** Opening TASK MATERIAL block **
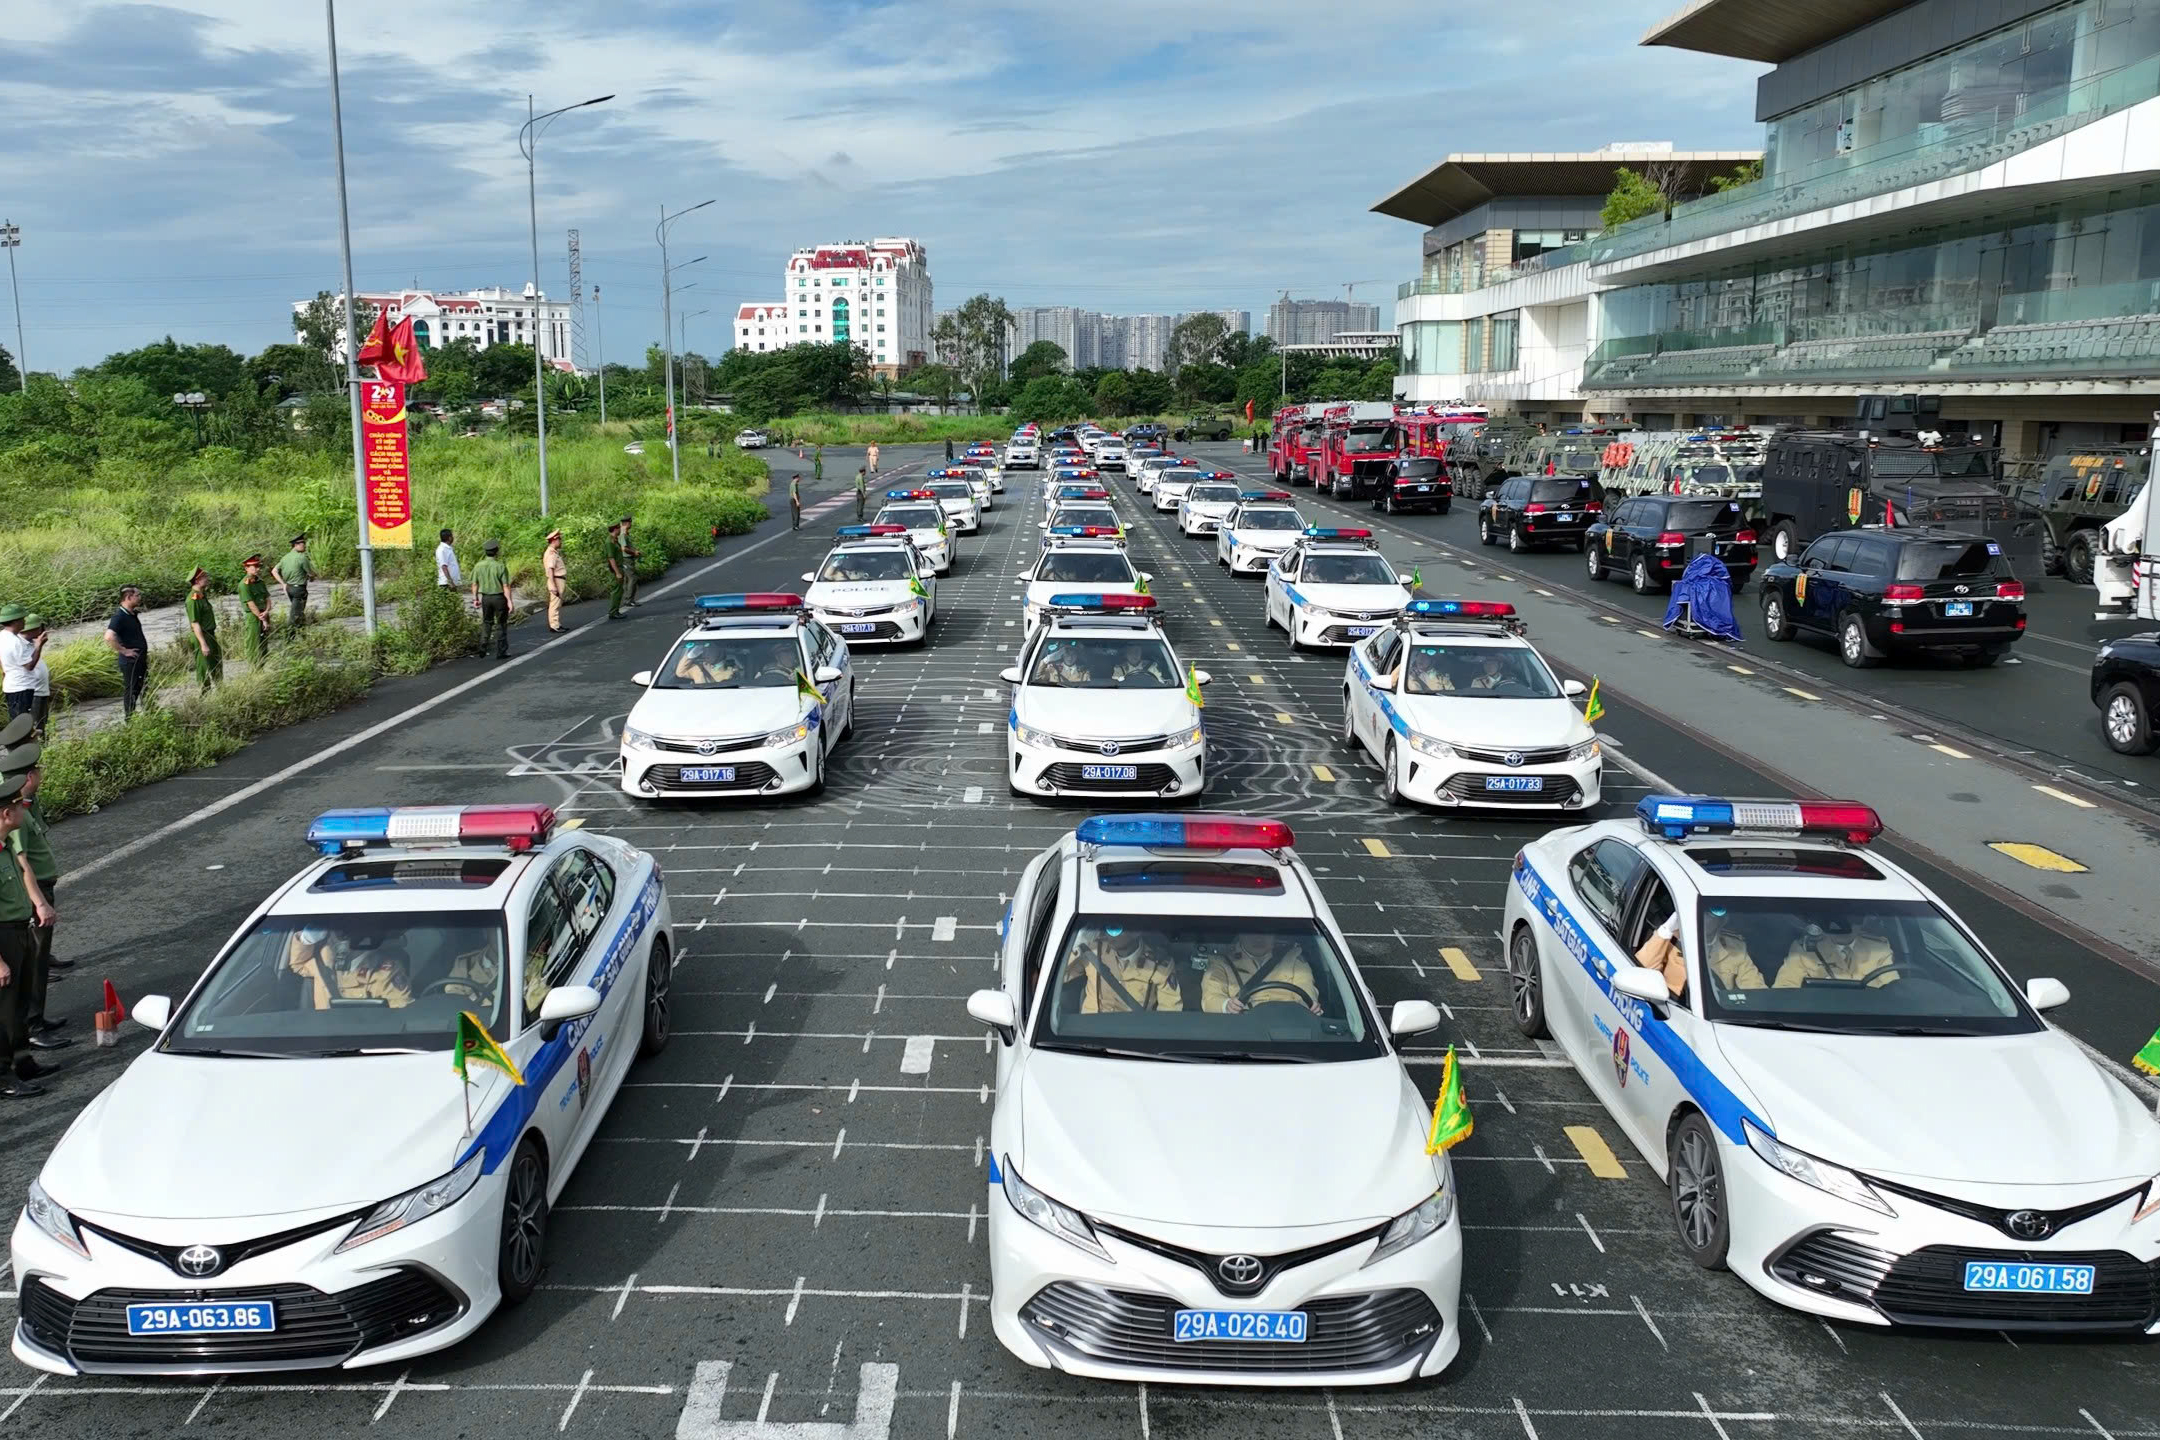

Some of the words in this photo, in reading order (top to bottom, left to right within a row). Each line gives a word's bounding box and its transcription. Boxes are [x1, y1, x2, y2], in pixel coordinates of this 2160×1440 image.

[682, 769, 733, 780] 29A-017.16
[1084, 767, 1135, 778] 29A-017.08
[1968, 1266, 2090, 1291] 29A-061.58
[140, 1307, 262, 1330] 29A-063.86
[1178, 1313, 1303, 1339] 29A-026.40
** Closing TASK MATERIAL block **
EXERCISE REQUIREMENTS =
Each record above goes into the copy word for word; the pictures do not.

SOLUTION TO THE EXERCISE =
Some of the words in this photo, in reading order (top to bottom, left to right within a row). Each line gives a word's bounding box and its transcription. Boxes are [x1, y1, x2, y2], in pixel coordinates of this 2160×1440 image.

[682, 769, 733, 780] 29A-017.16
[1084, 767, 1135, 778] 29A-017.08
[1968, 1266, 2090, 1291] 29A-061.58
[140, 1307, 262, 1330] 29A-063.86
[1178, 1313, 1303, 1339] 29A-026.40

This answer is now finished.